→ WHAT IS EXPECTED
Where a line has odd spacing or punctuation, keep it; transcribe all the entries exactly.

→ GIVEN INFORMATION
# # #

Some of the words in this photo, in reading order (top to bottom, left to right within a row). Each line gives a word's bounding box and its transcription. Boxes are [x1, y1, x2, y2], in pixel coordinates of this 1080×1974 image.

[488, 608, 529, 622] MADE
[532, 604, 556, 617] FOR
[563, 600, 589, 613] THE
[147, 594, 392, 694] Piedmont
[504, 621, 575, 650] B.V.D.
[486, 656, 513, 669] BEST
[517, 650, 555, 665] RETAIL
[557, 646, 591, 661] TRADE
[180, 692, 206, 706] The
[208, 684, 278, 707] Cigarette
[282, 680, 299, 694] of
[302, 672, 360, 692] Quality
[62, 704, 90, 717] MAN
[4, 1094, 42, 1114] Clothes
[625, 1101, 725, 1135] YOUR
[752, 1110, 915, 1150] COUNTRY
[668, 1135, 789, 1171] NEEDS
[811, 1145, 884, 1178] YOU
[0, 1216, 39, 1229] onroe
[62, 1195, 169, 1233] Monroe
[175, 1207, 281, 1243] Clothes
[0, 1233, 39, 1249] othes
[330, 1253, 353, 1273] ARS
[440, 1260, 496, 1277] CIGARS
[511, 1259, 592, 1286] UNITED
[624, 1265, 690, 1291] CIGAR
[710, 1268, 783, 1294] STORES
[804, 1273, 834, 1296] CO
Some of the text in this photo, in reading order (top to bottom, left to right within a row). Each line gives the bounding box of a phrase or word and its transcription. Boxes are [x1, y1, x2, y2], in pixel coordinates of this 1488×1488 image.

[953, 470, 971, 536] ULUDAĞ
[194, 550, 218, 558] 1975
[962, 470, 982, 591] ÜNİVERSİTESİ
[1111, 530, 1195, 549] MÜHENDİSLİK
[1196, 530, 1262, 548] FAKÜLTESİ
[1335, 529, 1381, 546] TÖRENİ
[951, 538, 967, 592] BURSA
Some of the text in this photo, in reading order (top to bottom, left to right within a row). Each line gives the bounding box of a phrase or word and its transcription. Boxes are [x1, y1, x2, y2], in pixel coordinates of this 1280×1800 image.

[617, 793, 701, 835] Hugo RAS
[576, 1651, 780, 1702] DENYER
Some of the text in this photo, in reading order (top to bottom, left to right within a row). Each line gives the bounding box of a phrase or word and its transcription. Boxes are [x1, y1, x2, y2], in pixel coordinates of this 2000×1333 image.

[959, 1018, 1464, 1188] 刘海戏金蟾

# # #

→ EXERCISE ANSWER
Some of the words in this photo, in reading order (top to bottom, left to right within a row). Each line gives a word's bounding box and its transcription. Boxes are [x1, y1, x2, y2], in pixel coordinates of this 1080×1974 image.

[488, 608, 529, 622] MADE
[532, 604, 556, 617] FOR
[563, 600, 589, 613] THE
[147, 594, 392, 694] Piedmont
[504, 621, 575, 650] B.V.D.
[486, 656, 513, 669] BEST
[517, 650, 555, 665] RETAIL
[557, 646, 591, 661] TRADE
[180, 692, 206, 706] The
[208, 684, 278, 707] Cigarette
[282, 680, 299, 694] of
[302, 672, 360, 692] Quality
[62, 704, 90, 717] MAN
[4, 1094, 42, 1114] Clothes
[625, 1101, 725, 1135] YOUR
[752, 1110, 915, 1150] COUNTRY
[668, 1135, 789, 1171] NEEDS
[811, 1145, 884, 1178] YOU
[0, 1216, 39, 1229] onroe
[62, 1195, 169, 1233] Monroe
[175, 1207, 281, 1243] Clothes
[0, 1233, 39, 1249] othes
[330, 1253, 353, 1273] ARS
[440, 1260, 496, 1277] CIGARS
[511, 1259, 592, 1286] UNITED
[624, 1265, 690, 1291] CIGAR
[710, 1268, 783, 1294] STORES
[804, 1273, 834, 1296] CO
Some of the text in this photo, in reading order (top to bottom, left to right within a row). Each line gives the bounding box of a phrase or word and its transcription. Boxes are [x1, y1, x2, y2], in pixel coordinates of this 1488×1488 image.

[953, 470, 971, 536] ULUDAĞ
[194, 550, 218, 558] 1975
[962, 470, 982, 591] ÜNİVERSİTESİ
[1111, 530, 1195, 549] MÜHENDİSLİK
[1196, 530, 1262, 548] FAKÜLTESİ
[1335, 529, 1381, 546] TÖRENİ
[951, 538, 967, 592] BURSA
Some of the text in this photo, in reading order (top to bottom, left to right within a row). Each line gives the bounding box of a phrase or word and its transcription. Boxes are [x1, y1, x2, y2], in pixel coordinates of this 1280×1800 image.

[617, 793, 701, 835] Hugo RAS
[576, 1651, 780, 1702] DENYER
Some of the text in this photo, in reading order (top to bottom, left to right within a row). Each line gives the bounding box of a phrase or word and its transcription. Boxes are [x1, y1, x2, y2], in pixel coordinates of this 2000×1333 image.

[959, 1018, 1464, 1188] 刘海戏金蟾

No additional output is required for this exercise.